L’auteur de Le chien, la neige, un pied, (Anacharsis, 2017) aime le chiffre 3 puisque son nouveau roman s’intitule Choses, bêtes, prodiges. L’analogie ne s’arrête pas là ; les deux histoires à la fois cruelles, fascinantes et profondément « humaines » sont de celles « que l’on se raconte le soir à la veillée ».
Et si je m’attarde sur la symbolique du chiffre 3, je découvre que ce chiffre « évoque le passé, le présent et le futur ; qu’il symbolise la naissance, la vie et la mort. Qu’il permet de distinguer le monde matériel du monde spirituel et du monde divin, tout en rassemblant le corps, l’âme et l’esprit. »
Diable ! C’est tout à fait cela. Et le narrateur de se métamorphoser en Cosimo.
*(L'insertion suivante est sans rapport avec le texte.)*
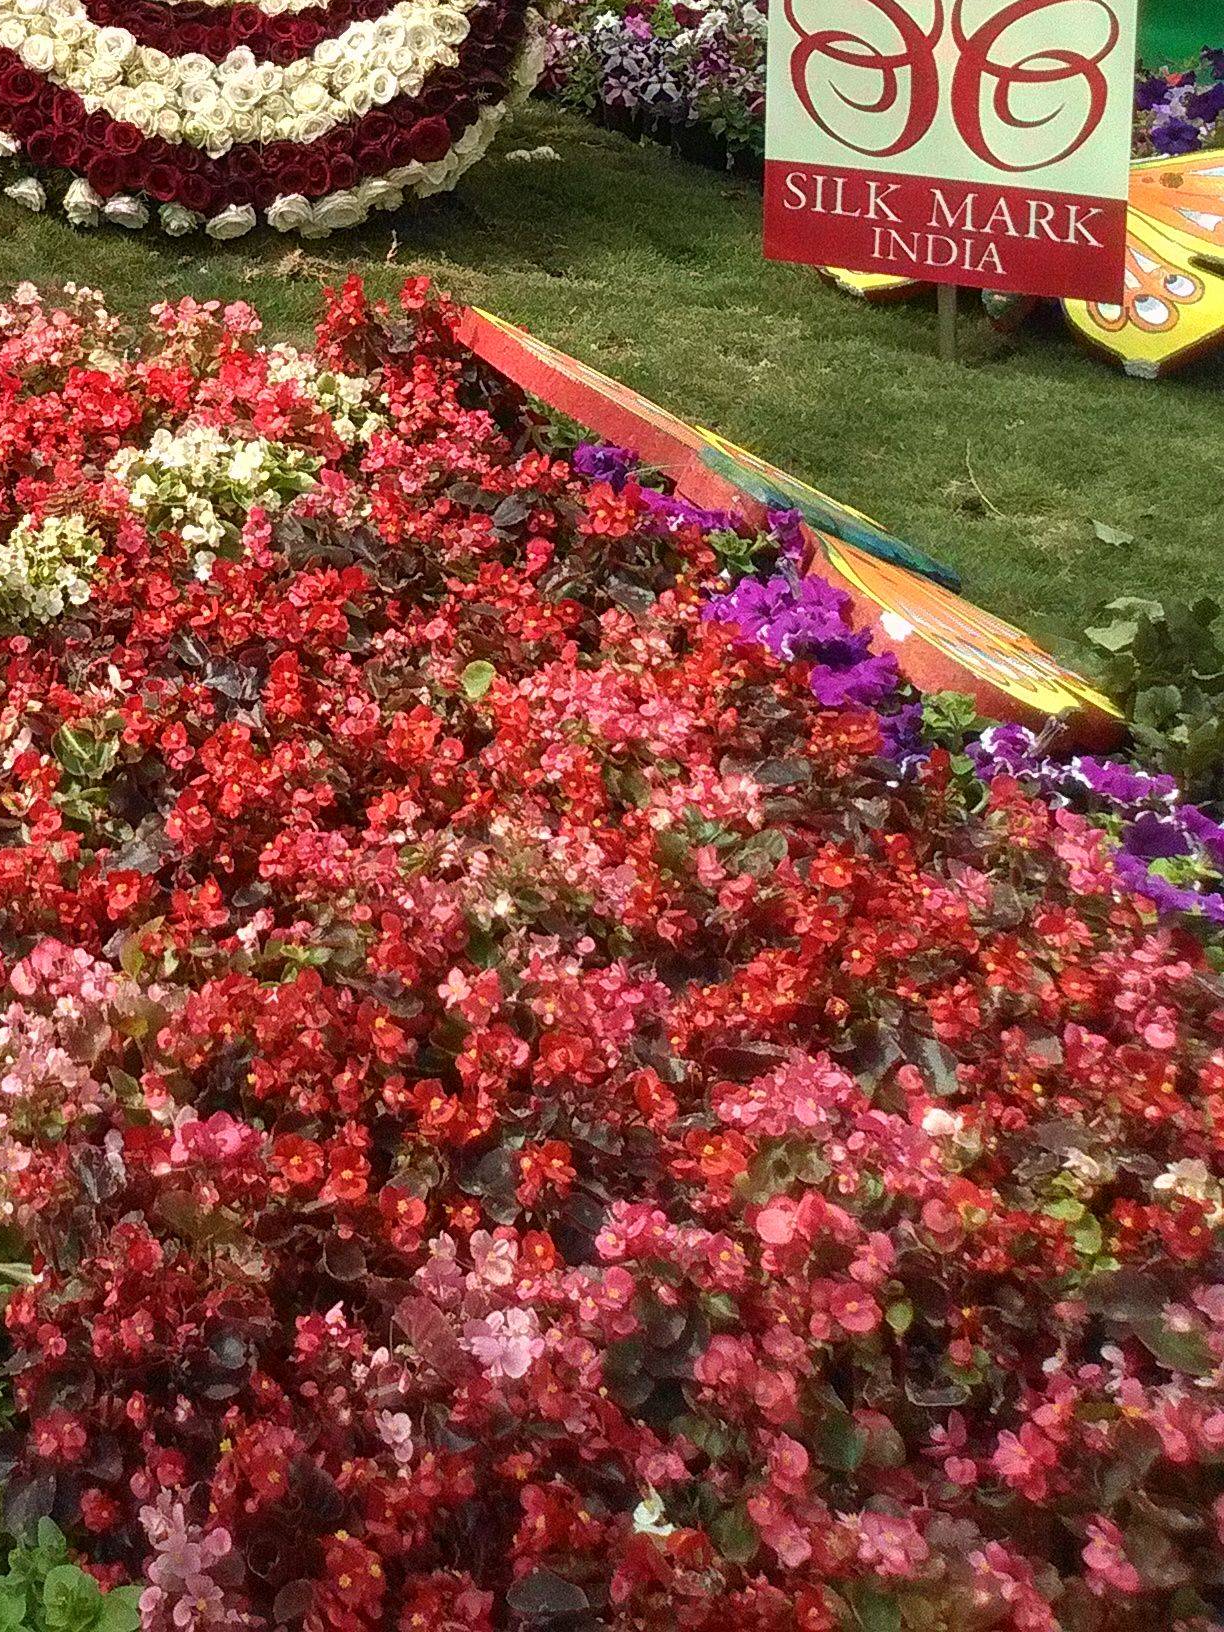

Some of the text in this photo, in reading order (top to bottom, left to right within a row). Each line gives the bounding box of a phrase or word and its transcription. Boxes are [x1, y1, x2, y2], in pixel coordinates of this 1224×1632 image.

D’abord enfant qui nous balade dans son quartier, nous fait escalader les montagnes avec ses copains, enfin les monticules de sable des terrains vagues près de chez lui ; profite de notre attention de lecteur déjà accroché pour parler de Dieu ; nous oblige à chercher des fossiles avec lui et Aurelio ; nous présente sa grand’mère fumeuse de cigares et ses escargots qui dégorgent … pour ensuite évoquer l’adolescence avant l’âge adulte, celui des responsabilités, des soucis, des espoirs et des déceptions.
C’est en douceur, que je me suis laissé envoûter et emporter dans un monde magique, qui rappelle l’univers d’Italo Calvino avec son Baron perché, ou celui de Bernard Quiriny et ses Contes carnivores. Au détour d’un fragment – tout le roman est constitué de fragments – me voilà en compagnie de l’homme « qui avait mal vieilli » au bord du delta, qui pêche à mains nues, et qui voulait faire de Cosimo un … mais j’arrête là. Ensuite je passe un moment – un long fragment – en compagnie des parents de Cosimo et d’Abel, leur cochon bien aimé … Enfin je trépigne d’impatience pour en savoir davantage sur Cosimo et ses drôles de compagnons, à l’affût sur les toits de lauzes des maisons, épiant ces drôles de « choses », ces bulles opalescentes qui grimpent, s’installent, s’étendent, grossissent …
Autant de saynètes dignes des romans de Gabriel Garcia Marquez et de son réalisme magique. Autant de situations qui nous parlent du temps qui passe, de l’enfance, de l’image de soi et du regard des autres, de la vieillesse, de la maladie, de l’amour, de la mort et du formidable pouvoir de l’imagination.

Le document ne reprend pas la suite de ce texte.